Tell the people how to be strong in times of persecution,
how to stand when the tribulation comes,
– to stand and not faint."

I feel I have a divine mandate to go and tell the people of this world that it is possible to be strong in the Lord Jesus Christ. We are in training for the tribulation, but more than sixty percent of the Body of Christ across the world has already entered into the tribulation. There is no way to escape it.

We are next.

Since I have already gone through prison for Jesus' sake, and since I met the Bishop in China, now every time I read a good Bible text I think, "Hey, I can use that in the time of tribulation." Then I write it down and learn it by heart.

When I was in the concentration camp, a camp where only twenty percent of the women came out alive, we tried to cheer each other up by saying, "Nothing could be any worse than today." But we would find the next day was even worse.
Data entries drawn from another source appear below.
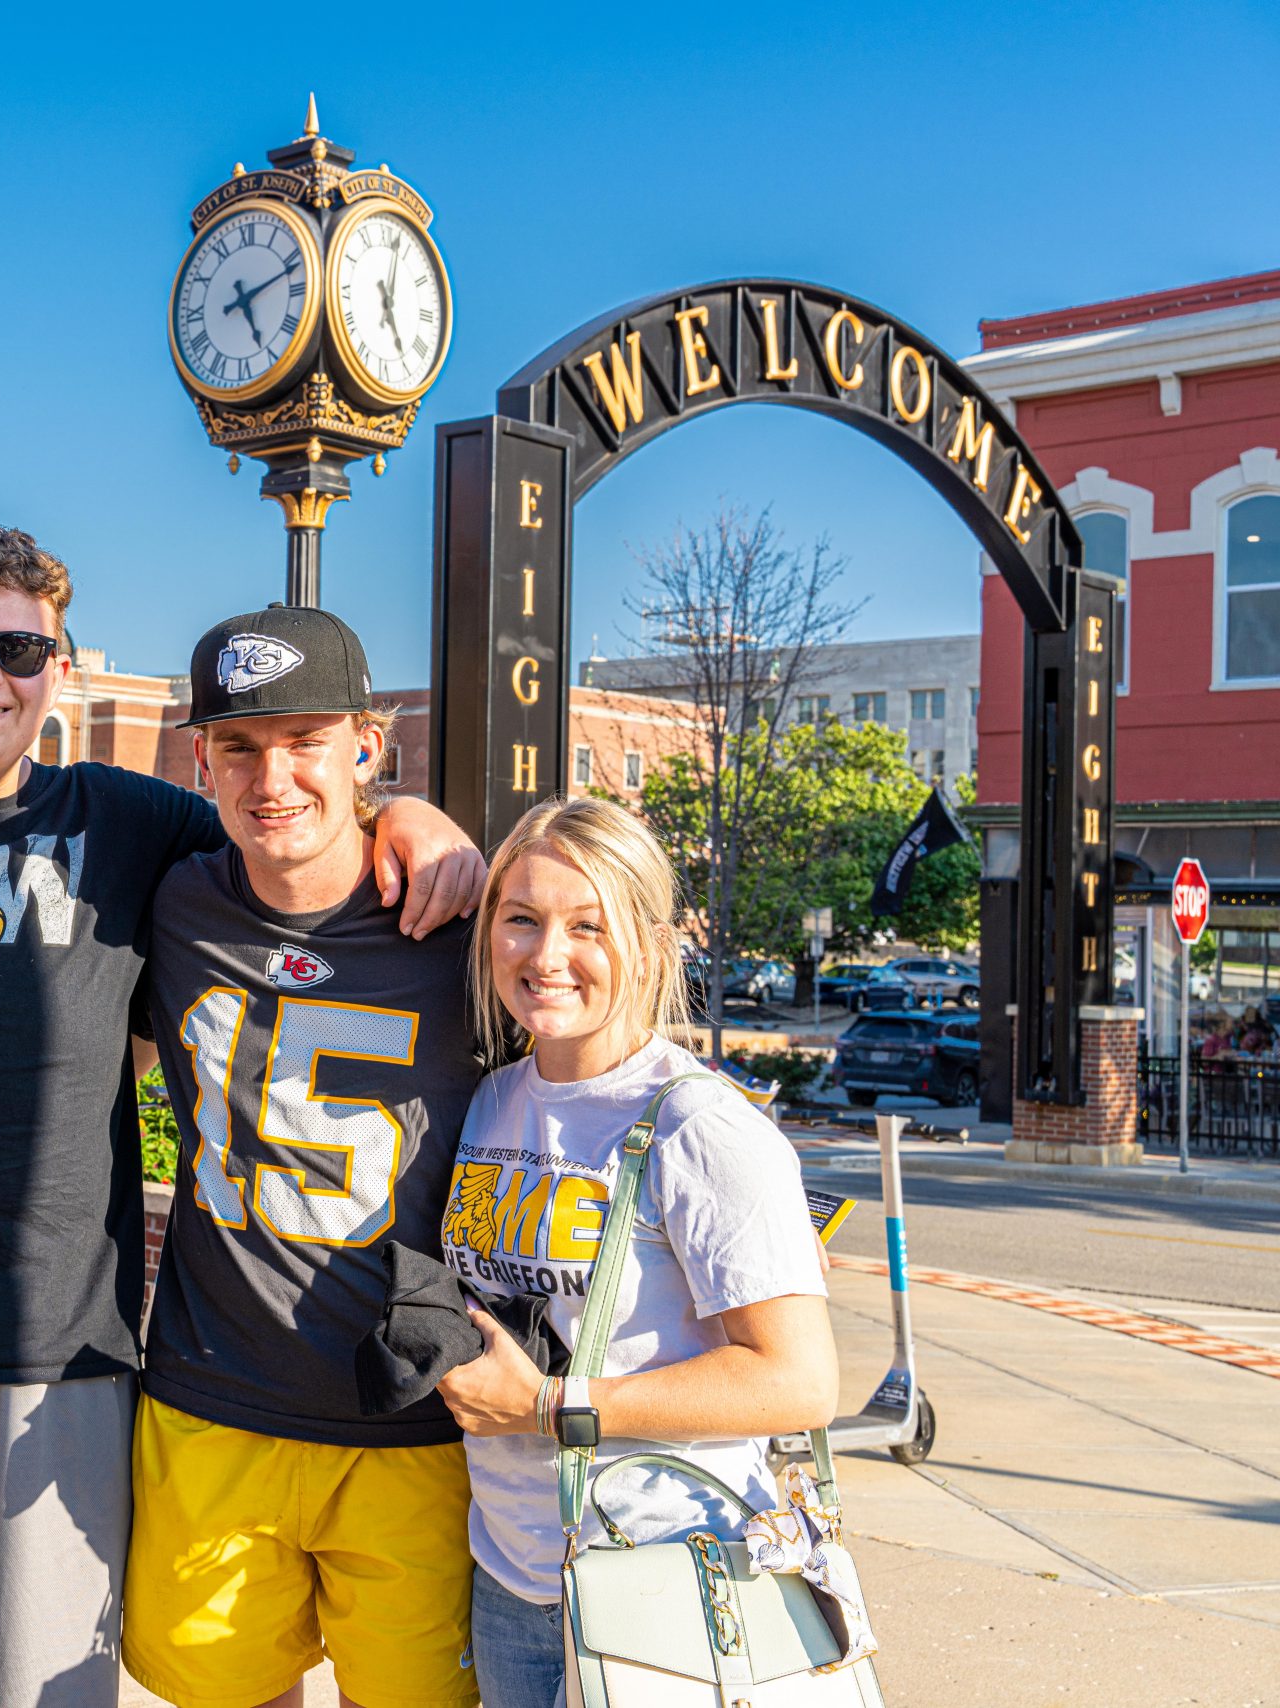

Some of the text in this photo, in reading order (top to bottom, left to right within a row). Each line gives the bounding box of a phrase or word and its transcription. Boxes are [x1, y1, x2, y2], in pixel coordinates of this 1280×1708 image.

[195, 175, 300, 221] CITY OF ST. JOSEPH
[345, 176, 429, 225] CITY OF ST. JOSEPH
[583, 298, 1042, 545] WELCOME
[235, 643, 283, 674] KC
[1082, 615, 1103, 972] EIGHTH
[1174, 884, 1206, 917] STOP
[282, 954, 317, 981] KC
[180, 986, 420, 1247] 15
[459, 1143, 486, 1158] SOURI
[475, 1254, 596, 1297] GRIFFON
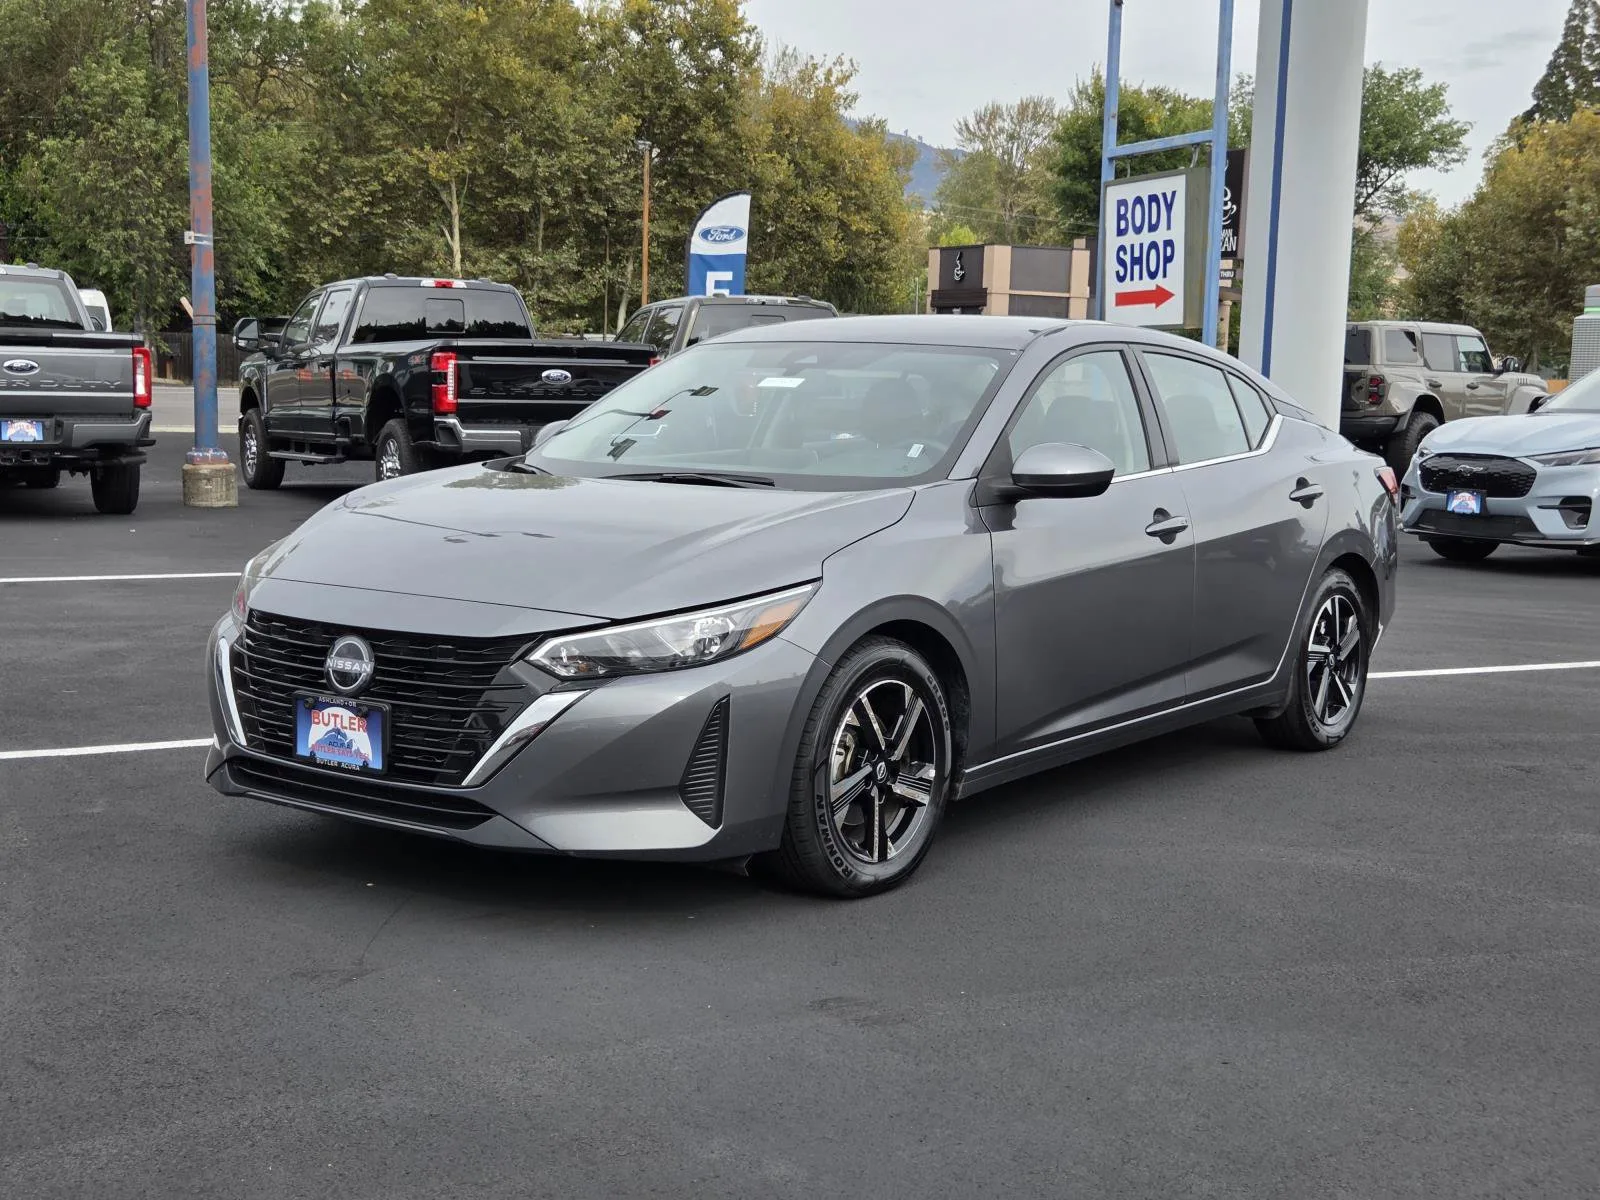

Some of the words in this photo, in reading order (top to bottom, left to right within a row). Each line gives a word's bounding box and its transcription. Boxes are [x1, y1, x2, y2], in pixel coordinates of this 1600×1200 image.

[1116, 190, 1177, 237] BODY
[707, 229, 736, 241] Ford
[1115, 239, 1175, 283] SHOP
[326, 657, 371, 672] NISSAN
[311, 710, 368, 733] BUTLER
[316, 758, 338, 767] BUTLER
[340, 762, 360, 771] ACURA
During this time a Bible verse that I had committed to memory gave me great hope and joy.

"If ye be reproached for the name of Christ, happy are ye;
for the spirit of glory and of God resteth upon you;
on their part evil is spoken of,
but on your part He is glorified."
(I Peter 3:14)

I found myself saying, "Hallelujah! Because I am suffering, Jesus is glorified!"

In America, the churches sing, "Let the congregation escape tribulation", but in China and Africa the tribulation has already arrived. This last year alone more than two hundred thousand Christians were martyred in Africa. Now things like that never get into the newspapers because they cause bad political relations. But I know. I have been there. We need to think about that when we sit down in our nice houses with our nice clothes to eat our steak dinners. Many, many members of the Body of Christ are being tortured to death at this very moment, yet we continue right on as though we are all going to escape the tribulation.

Several years ago I was in Africa in a nation where a new government had come into power. The first night I was there some of the Christians were commanded to come to the police station to register. When they arrived they were arrested and that same night they were executed. The next day the same thing happened with other Christians. The third day it was the same. All the Christians in the district were being systematically murdered.

The fourth day I was to speak in a little church. The people came, but they were filled with fear and tension. All during the service they were looking at each other, their eyes asking, "Will this one I am sitting beside be the next one killed? Will I be the next one?"

The room was hot and stuffy with insects that came through the screenless windows and swirled around the naked bulbs over the bare wooden benches. I told them a story out of my childhood.

"When I was a little girl, " I said, "I went to my father and said, 'Daddy, I am afraid that I will never be strong enough to be a martyr for Jesus Christ.'"
"Tell me," said Father, "When you take a train trip to Amsterdam, when do I give you the money for the ticket? Three weeks before?"
"No, Daddy, you give me the money for the ticket just before we get on the train."
"That is right," my father said, "and so it is with God's strength. Our Father in Heaven knows when you will need the strength to be a martyr for Jesus Christ. He will supply all you need – just in time…"

My African friends were nodding and smiling. Suddenly a spirit of joy descended upon that church and the people began singing,

" In the sweet, by and by,
we shall meet on that beautiful shore."

Later that week, half the congregation of that church was executed. I heard later that the other half was killed some months ago.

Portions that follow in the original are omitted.